Not content with this success, however, today he fronted the Queensland Media Club, refusing to rule out a desire to return to the Liberal leadership. “Every member of the House of Representatives has a field marshal’s baton, or the leader’s baton, in their knapsack, so nobody can ever discount that sort of ambition completely,” he informed his audience.
Today, Turnbull’s colleagues were justifiably livid. “It was a disgrace. He’s never been a team player, he never will be a team player,” said one MP. “It’s probably frustrating for him to see Tony (Abbott) going so well. I can’t imagine he would have too much support this morning from his colleagues,” said another.
Well, quite. I guess if you were in Turnbull’s shoes, and saw the voting intention ratings Abbott is generating — enough for the Coalition to reduce Labor to 40-50 seats in the 150-seat lower house, mind — you could understand him thinking, “grab the leadership, win the election, be Prime Minister, roll out the pet projects…”
The problem is that under Turnbull — and I’ll use Newspoll from The Australian although all the polls were very, very similar — the best two-party vote the Coalition could muster was 48% (enough to lose by a fraction less than Howard did in 2007); the worst was just 41%, low enough to wipe the Coalition out for three terms.
On average under Turnbull, the two-party Coalition vote was about 43-44%. To put this in context, Paul Keating was slaughtered in 1996 with a tick over 46% of the two-party vote.
As preferred Prime Minister, Turnbull mustered 26% against Rudd’s 54% in October 2008, and 16% to Rudd’s 66% in July 2009. (Recently, Tony Abbott trailed Julia Gillard on this measure by just 3%).
As strange as it sounds today, and despite already beginning to lose control over the Labor Party in private, had Rudd gone to a double dissolution over climate change in late 2009, Turnbull would have led the Coalition to annihilation. So much for his “principled stand” on climate change. A similar stand on the same issue by Rudd killed the latter off just as it did Turnbull.
For Turnbull to return to the leadership, it would be a game-changer all right: the Gillard government would receive instant capitulation from the opposition on climate change policy, far less rigorous scrutiny of its policies, the benefit of the policy differentiation between government and opposition beginning to blur, and the emergence of a sense within the electorate that perhaps “the devil you know” is worth sticking with. Turnbull has already championed the concept of a sovereign wealth fund being established on the back of mining revenues. Just as the carbon tax would be introduced without opposition, so too would the MRRT.
Malcolm Turnbull is an impressive individual; Rhodes scholar; highly successful merchant banker and lawyer; and, frankly, quite a great guy to have conversations with.

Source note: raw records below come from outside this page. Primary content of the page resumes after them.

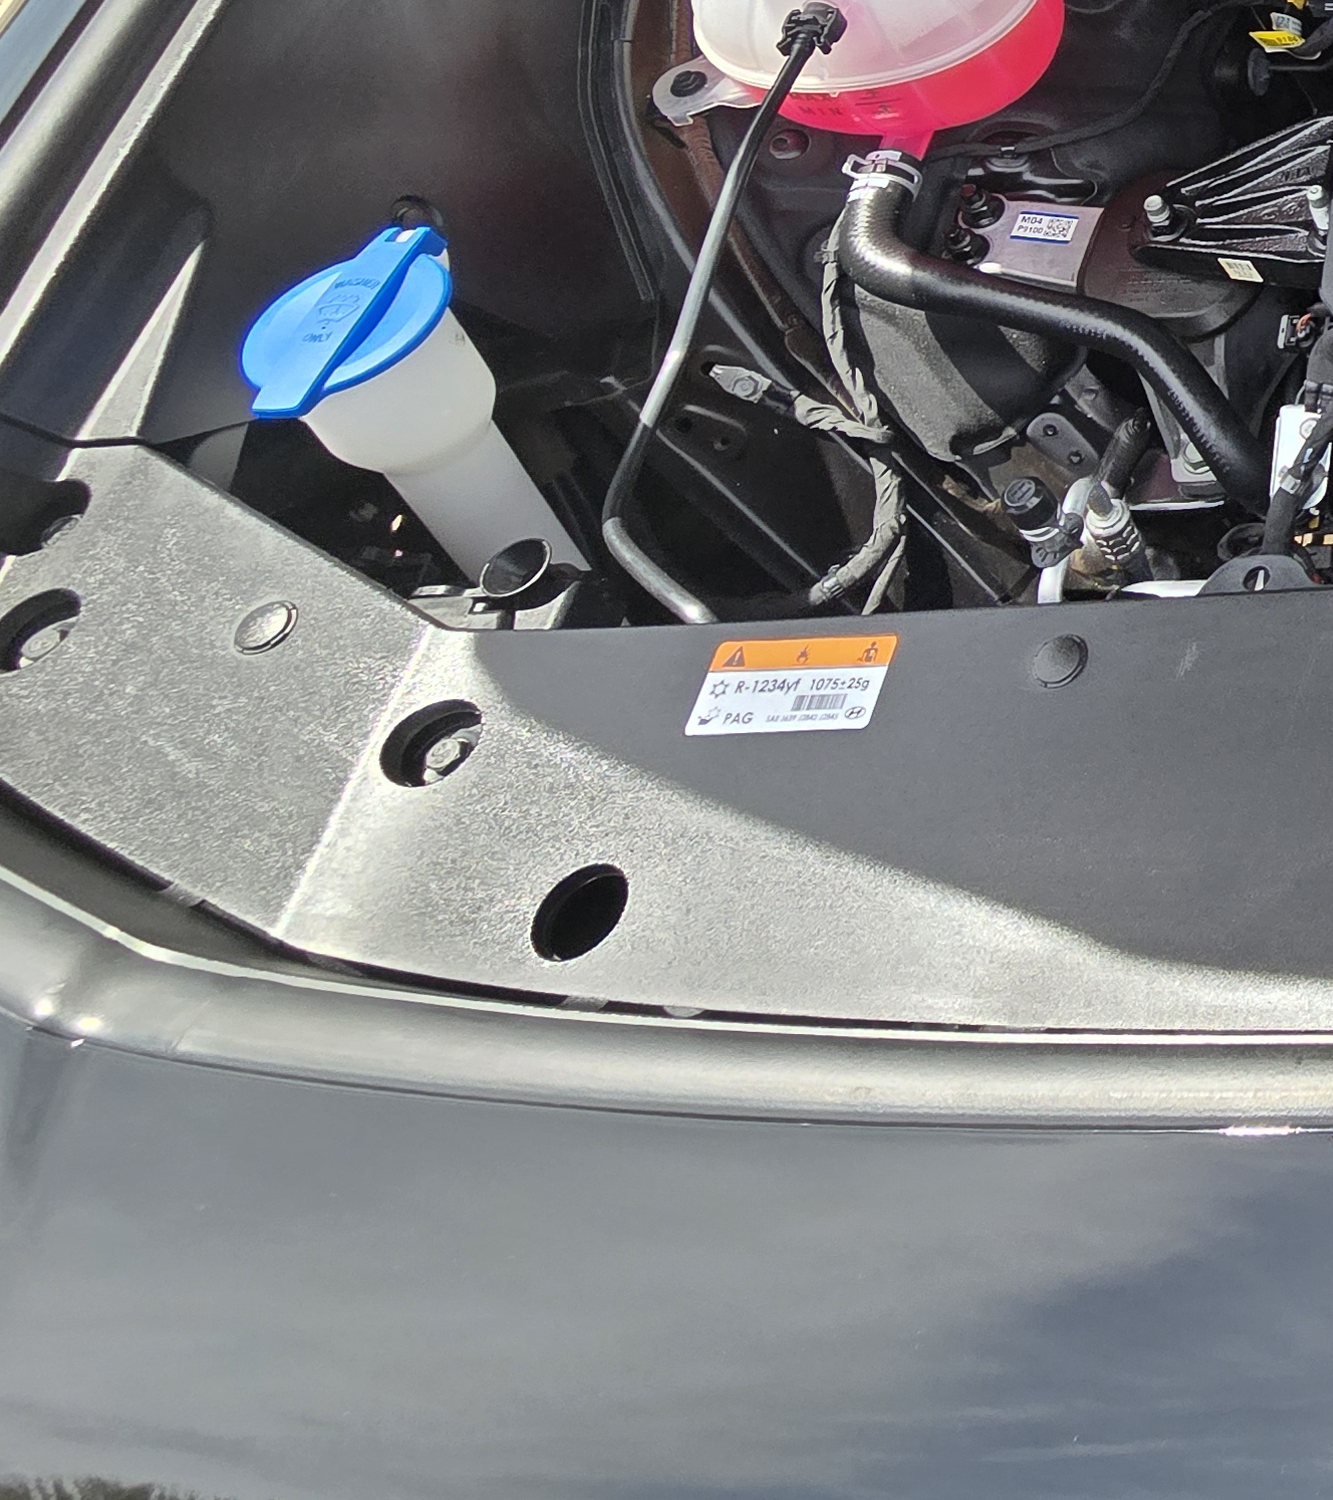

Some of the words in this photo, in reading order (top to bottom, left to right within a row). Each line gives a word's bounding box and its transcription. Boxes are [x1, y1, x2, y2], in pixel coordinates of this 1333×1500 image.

[1020, 215, 1044, 225] M04
[1016, 224, 1044, 234] P9100
[333, 277, 381, 291] WASHER
[301, 330, 334, 344] ONLY
[734, 677, 801, 696] R-1234yf
[809, 677, 870, 692] 1075±25g
[722, 711, 754, 726] PAG
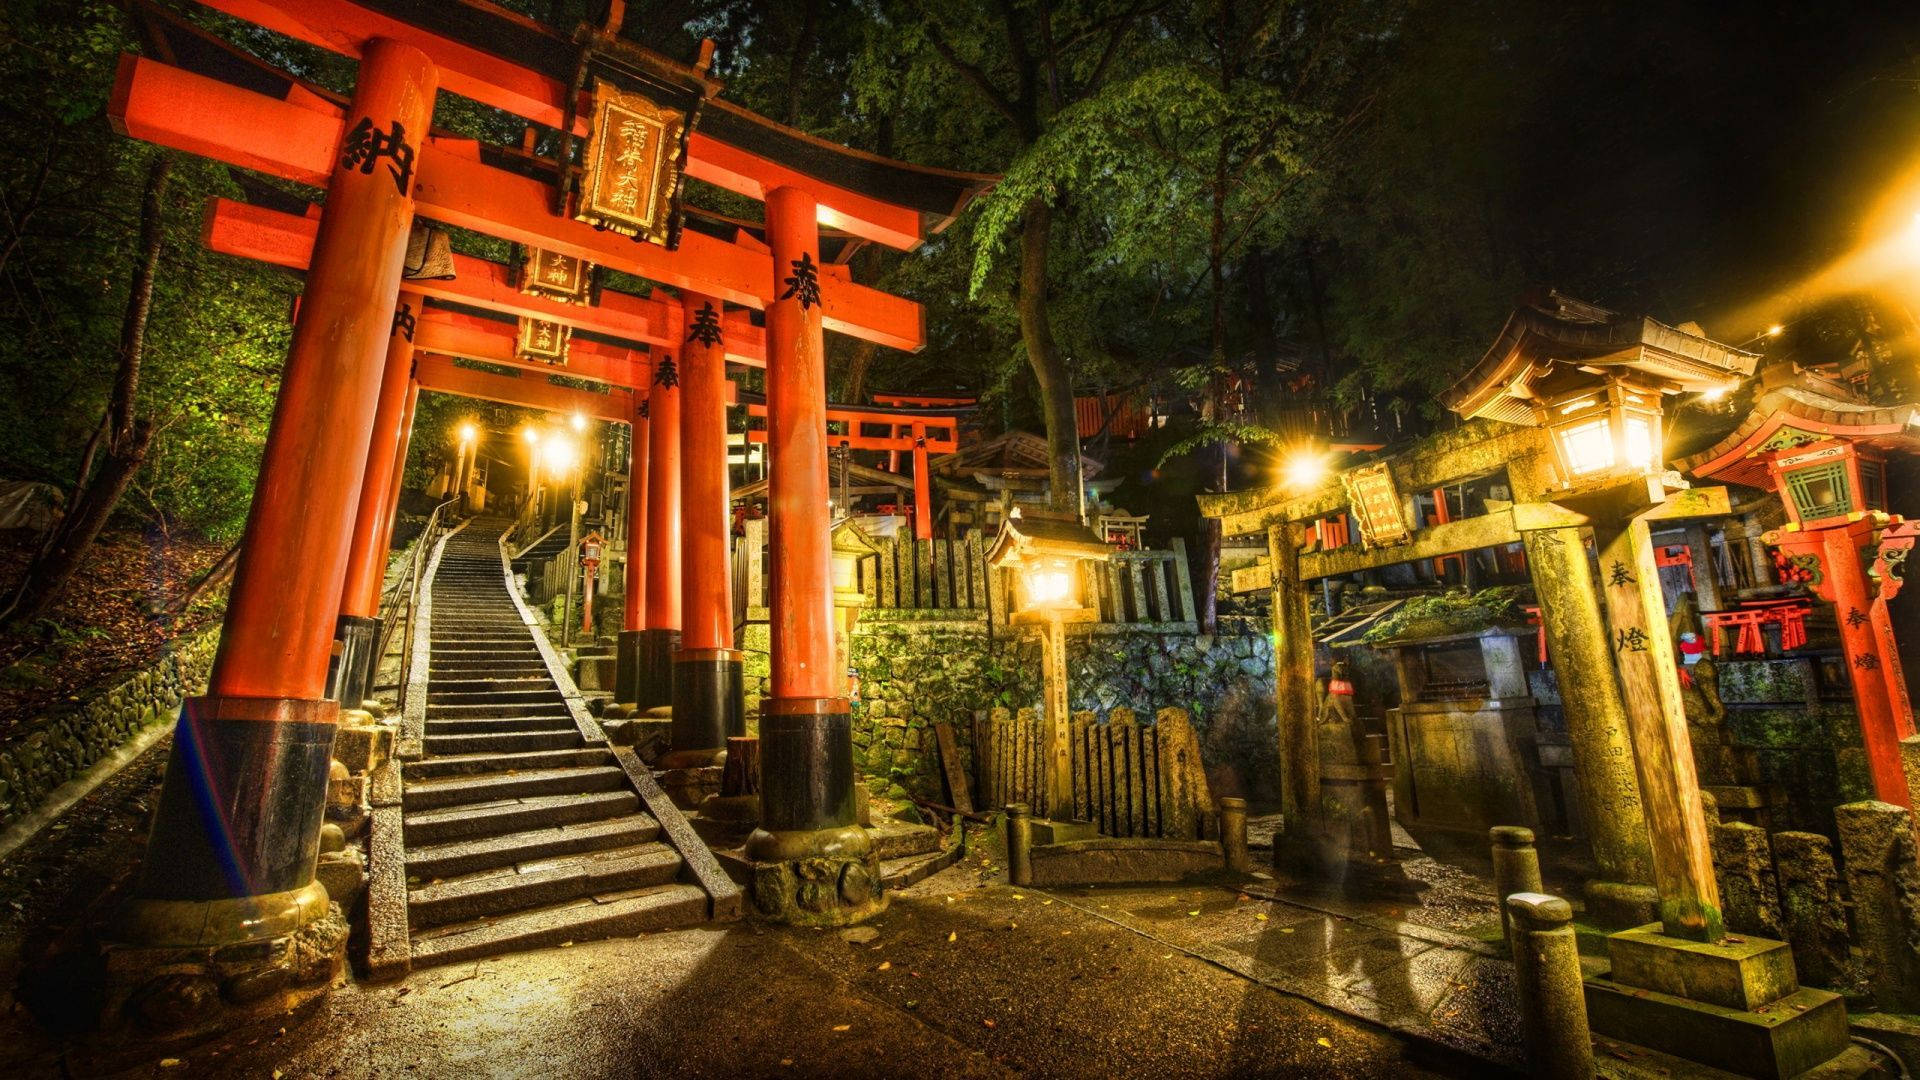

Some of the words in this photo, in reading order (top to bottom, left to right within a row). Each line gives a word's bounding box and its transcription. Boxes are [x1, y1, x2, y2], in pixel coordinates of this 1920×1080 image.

[341, 115, 414, 197] 納
[780, 251, 822, 310] 奉
[686, 301, 724, 349] 奉
[654, 354, 680, 391] 奉
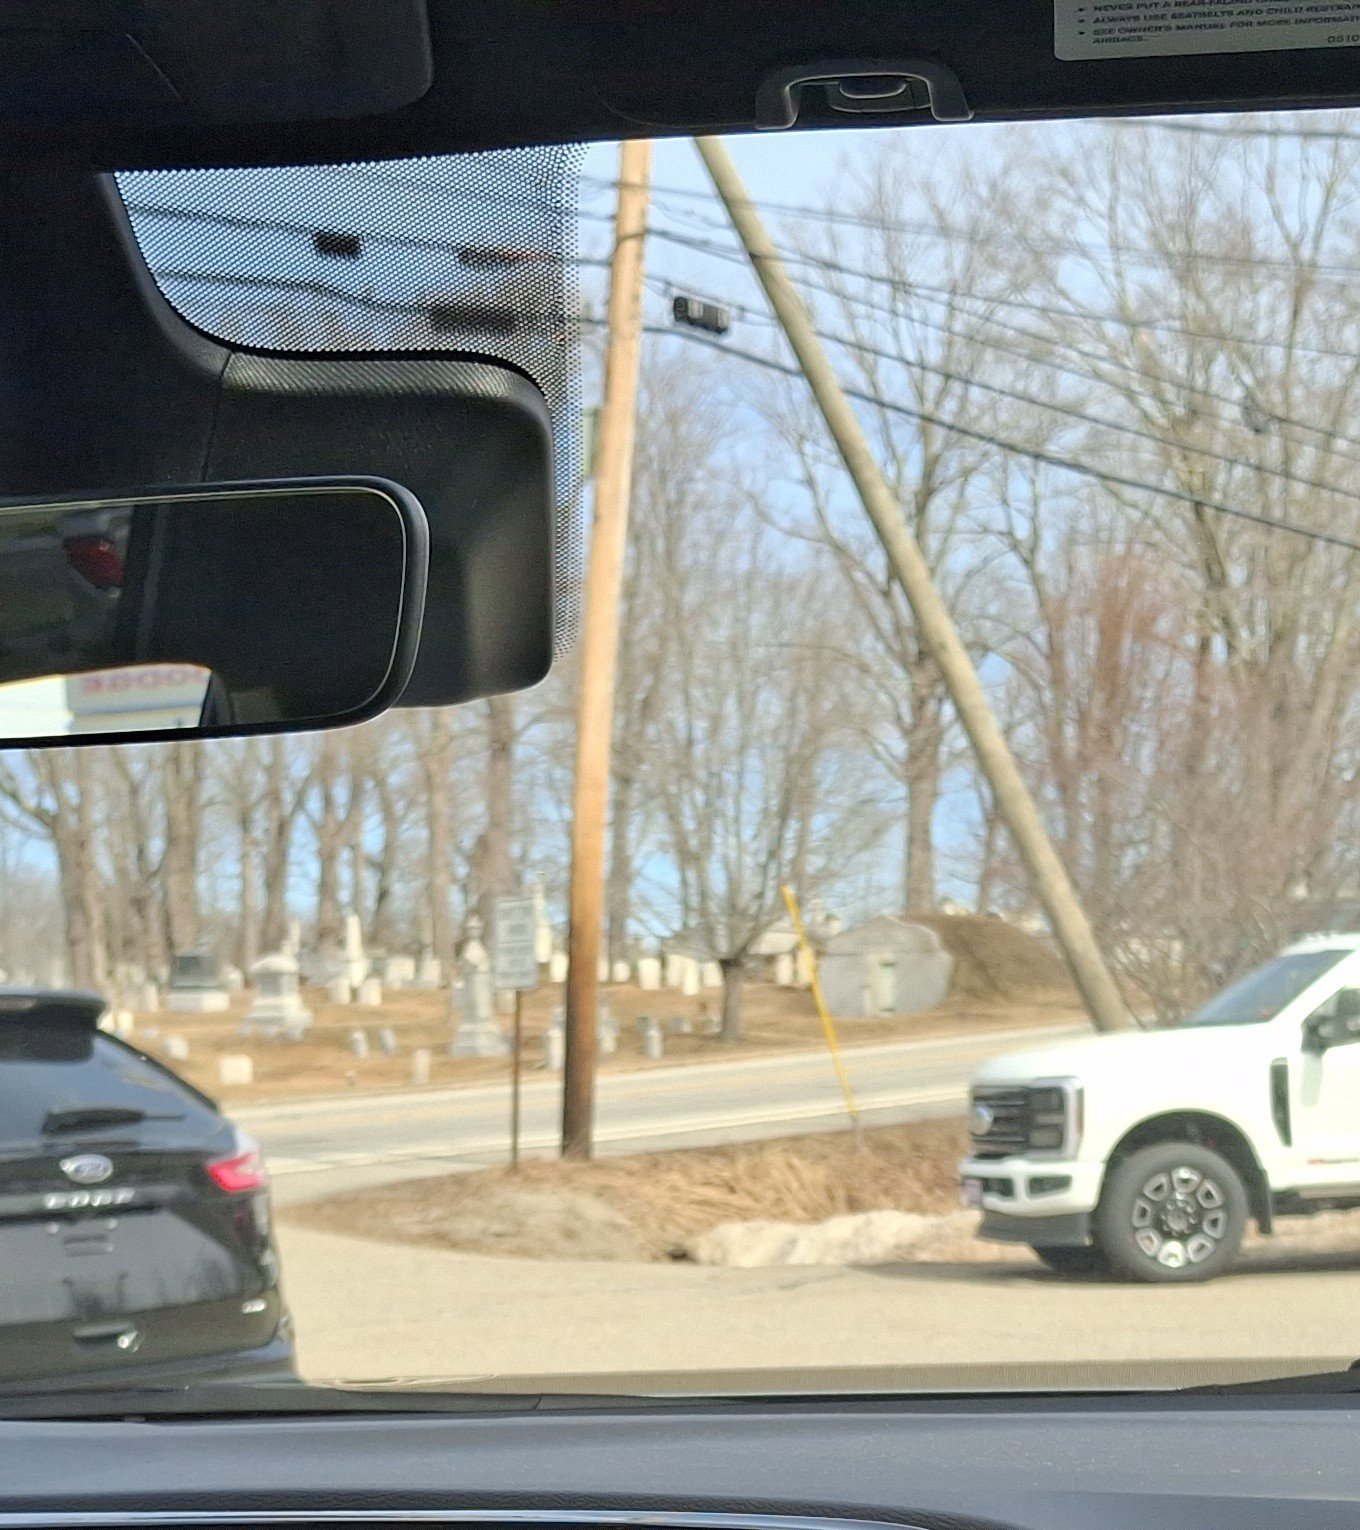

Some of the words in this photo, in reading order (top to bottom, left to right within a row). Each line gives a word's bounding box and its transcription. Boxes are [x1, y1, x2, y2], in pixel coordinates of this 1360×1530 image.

[1093, 15, 1141, 24] ALWAYS
[1176, 22, 1227, 31] MANUAL
[1230, 20, 1253, 29] FOR
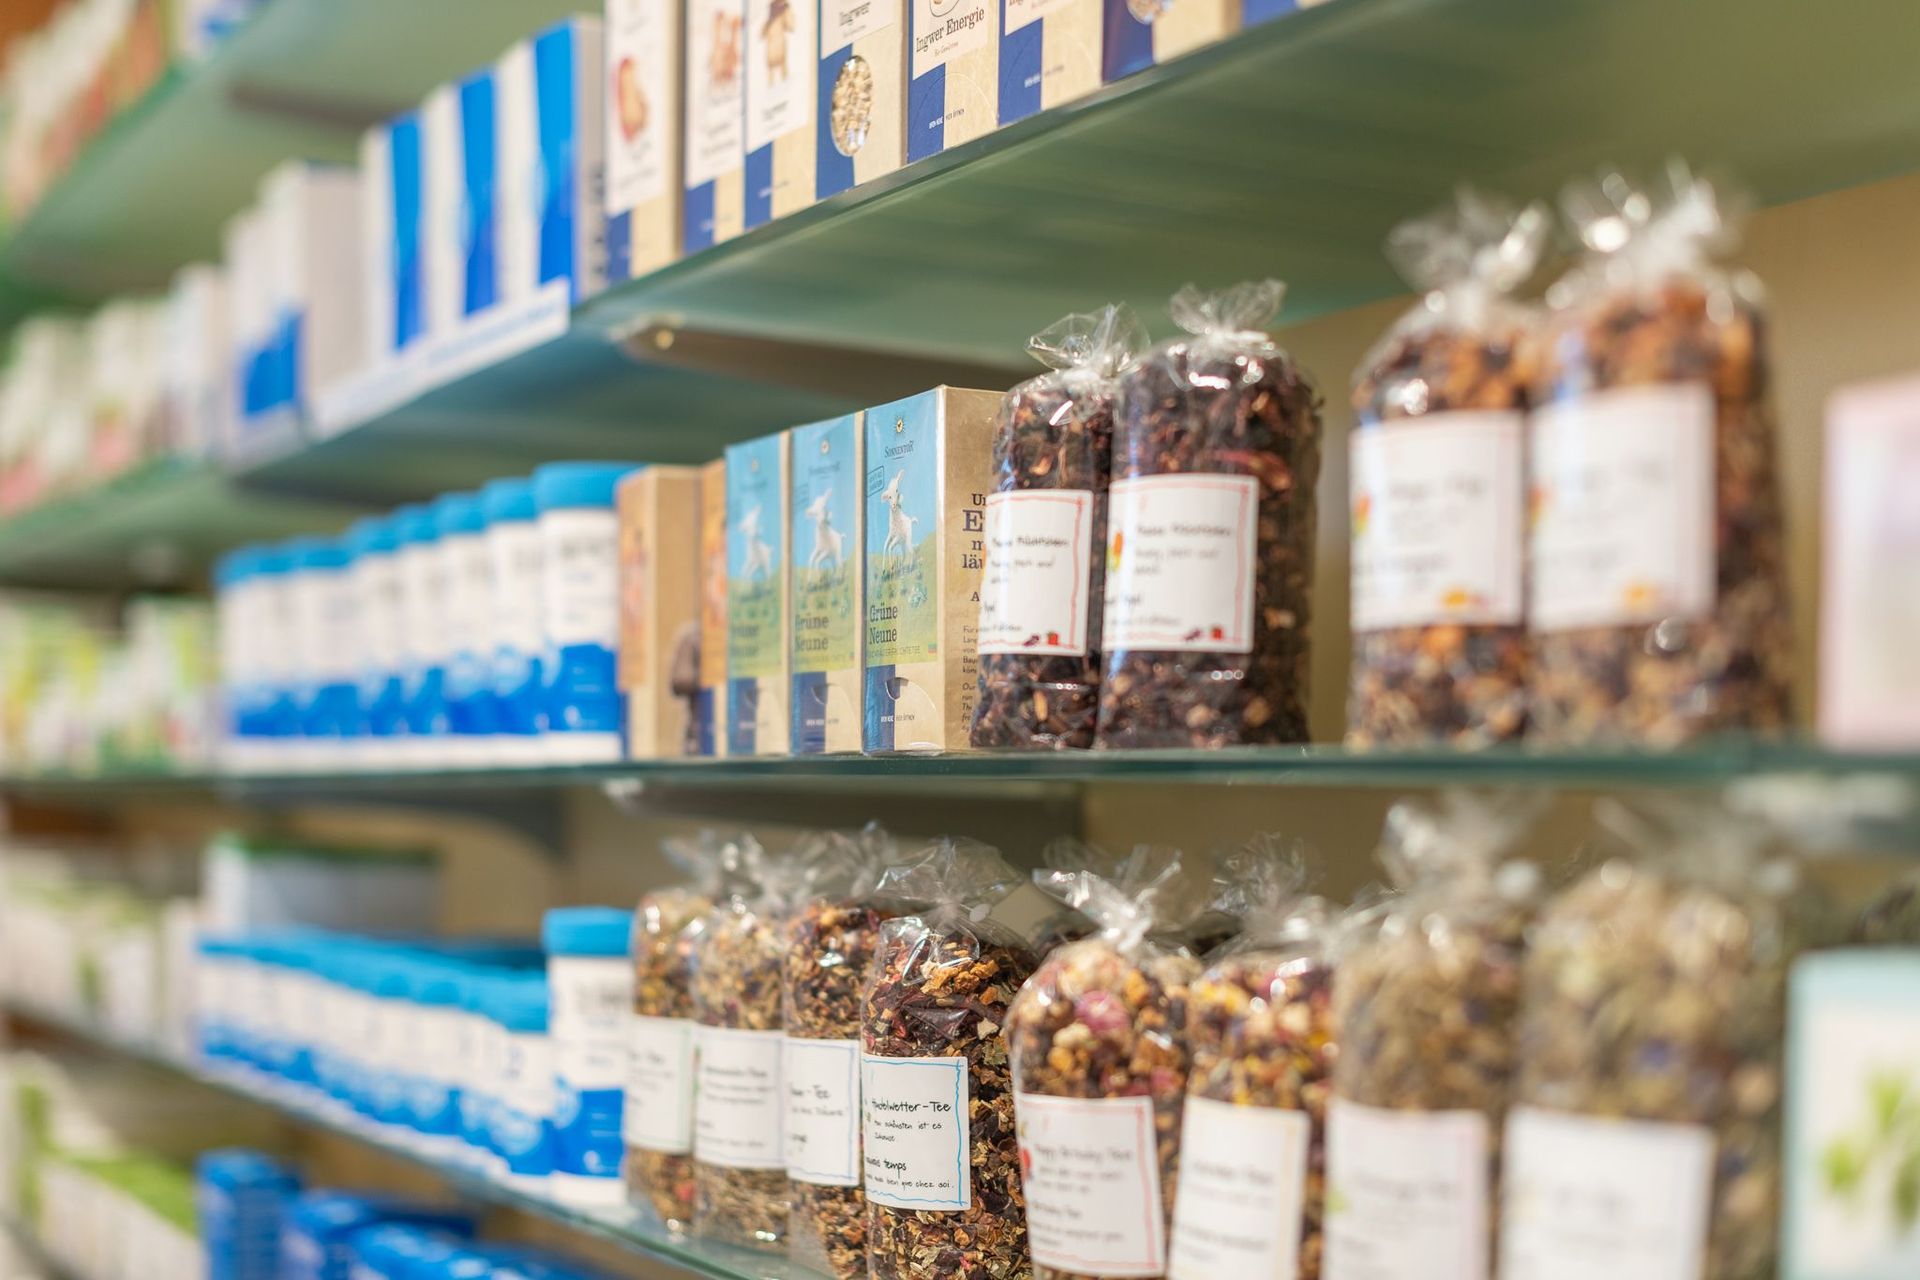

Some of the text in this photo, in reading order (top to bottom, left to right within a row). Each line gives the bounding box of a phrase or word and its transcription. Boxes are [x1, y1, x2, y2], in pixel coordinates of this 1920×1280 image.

I know — once upon a time, in the early 1990s, with Malcolm heading the Australian Republican Movement and myself a precocious young monarchist, our paths crossed several times.
However, just as Turnbull has little electoral appeal, he also has form for undermining his colleagues and party policy.
Shortly after being deposed by Abbott, Turnbull couldn’t resist speaking out on climate change policy. Whilst a backbencher, my view was that he was undermining the new leader and that it had to stop — and whilst I didn’t believe for one minute I would be listened to, and that I would be dismissed outright, I nonetheless sent Turnbull a private letter on Facebook. For now, I do not propose to publish that here, but the upshot was, and I used these words: Malcolm, please, SHUT UP!
It is time for Malcolm to shut up, or go to the cross benches. The third option, a leadership challenge almost guaranteed not to succeed, would not be worth the political damage it would do to the Liberal Party just for him to try to prove the point that Malcolm is right, and that what Malcolm wants, Malcolm should have.
Analyse the polls, Turnbull. Like it or not, Tony Abbott is in tune with the mainstream majority of Australians. Just as Gillard and Labor are not, neither are you.